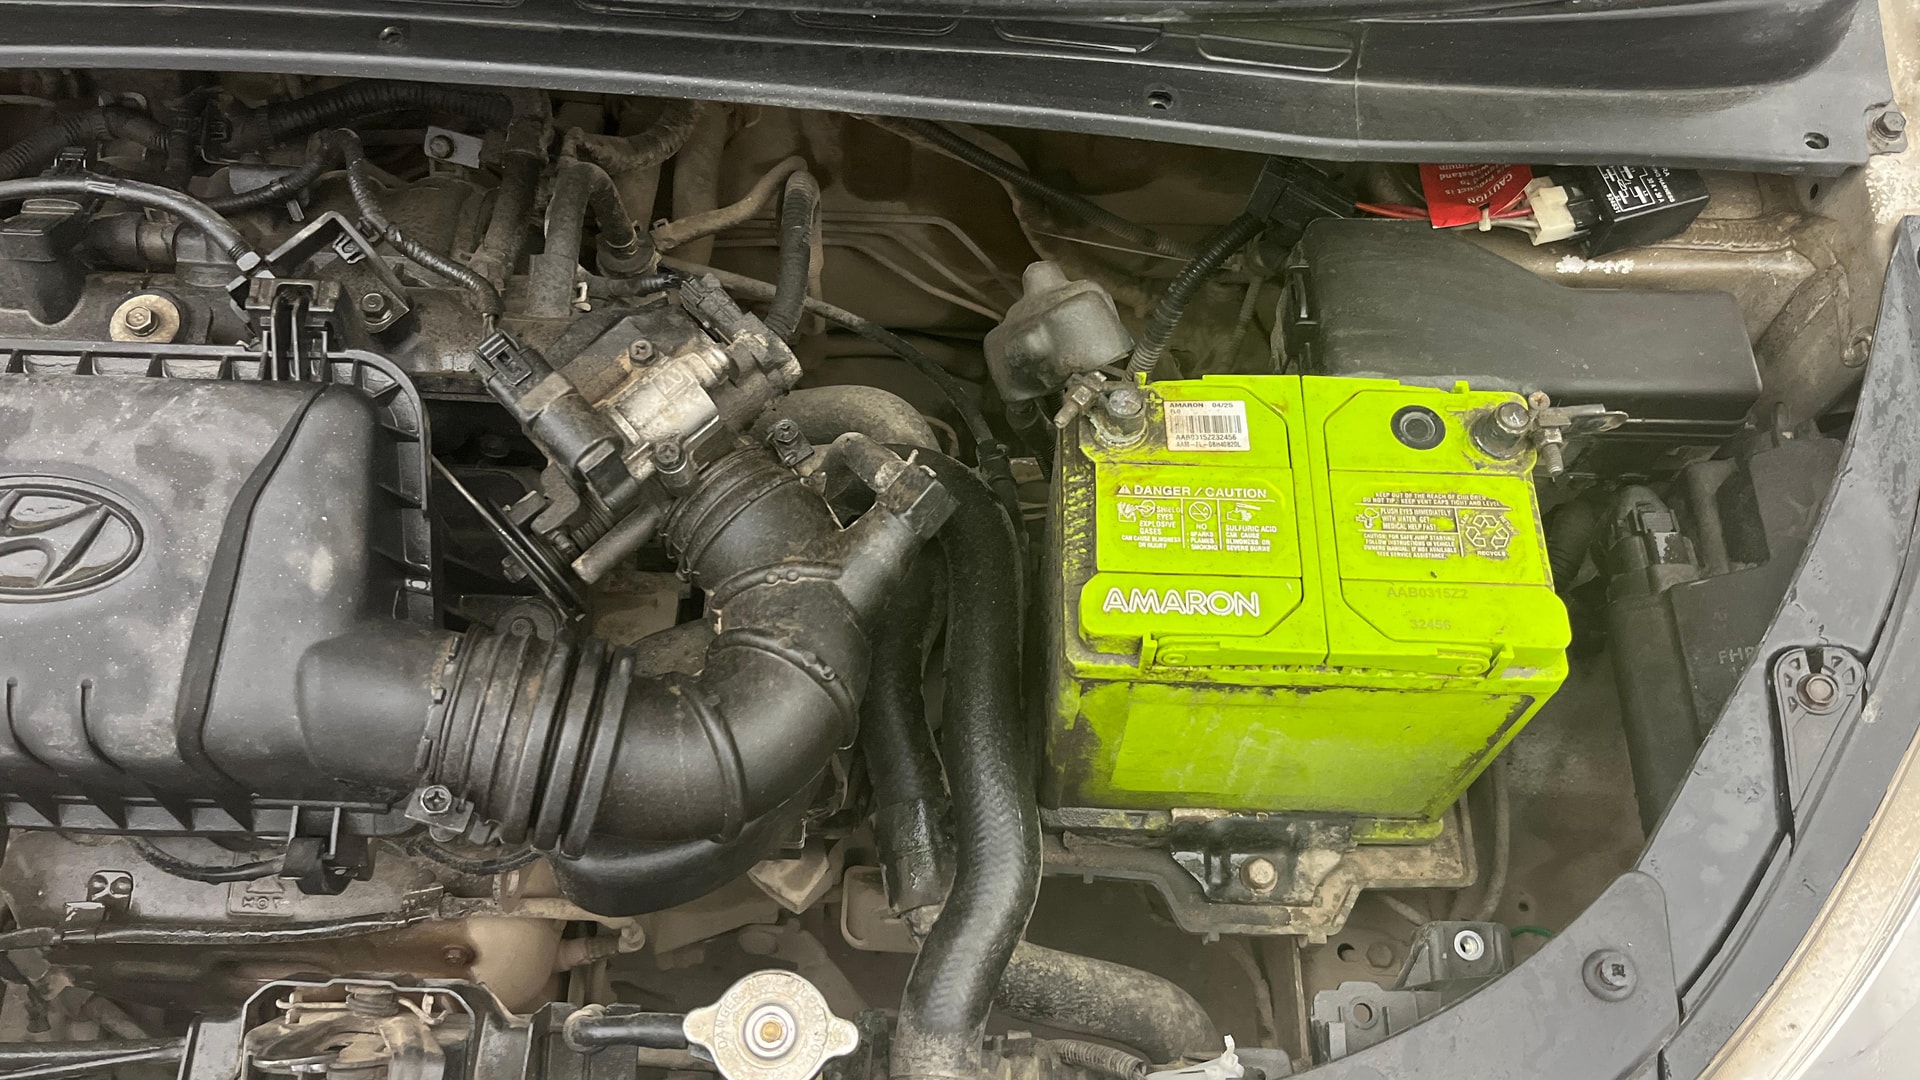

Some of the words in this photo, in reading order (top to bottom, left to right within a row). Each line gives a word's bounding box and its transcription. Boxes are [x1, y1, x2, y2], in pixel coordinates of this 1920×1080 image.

[1440, 164, 1488, 180] withstand
[1457, 174, 1494, 194] product
[1468, 174, 1512, 203] CAUTION
[1134, 484, 1191, 496] DANGER
[1194, 487, 1203, 496] /
[1205, 487, 1267, 498] CAUTION
[1139, 520, 1176, 528] EXPLOSIVE
[1140, 527, 1162, 535] GASES
[1225, 524, 1259, 532] SULFURIC
[1103, 587, 1260, 617] AMARON
[1410, 619, 1452, 630] 32456

******

▶ **YOUR TASK**
Exclude all images, then retype the records above without alteration.

▶ **FINISHED TASK**
Some of the words in this photo, in reading order (top to bottom, left to right within a row). Each line gives a word's bounding box and its transcription. Boxes are [x1, y1, x2, y2], in pixel coordinates of this 1920×1080 image.

[1440, 164, 1488, 180] withstand
[1457, 174, 1494, 194] product
[1468, 174, 1512, 203] CAUTION
[1134, 484, 1191, 496] DANGER
[1194, 487, 1203, 496] /
[1205, 487, 1267, 498] CAUTION
[1139, 520, 1176, 528] EXPLOSIVE
[1140, 527, 1162, 535] GASES
[1225, 524, 1259, 532] SULFURIC
[1103, 587, 1260, 617] AMARON
[1410, 619, 1452, 630] 32456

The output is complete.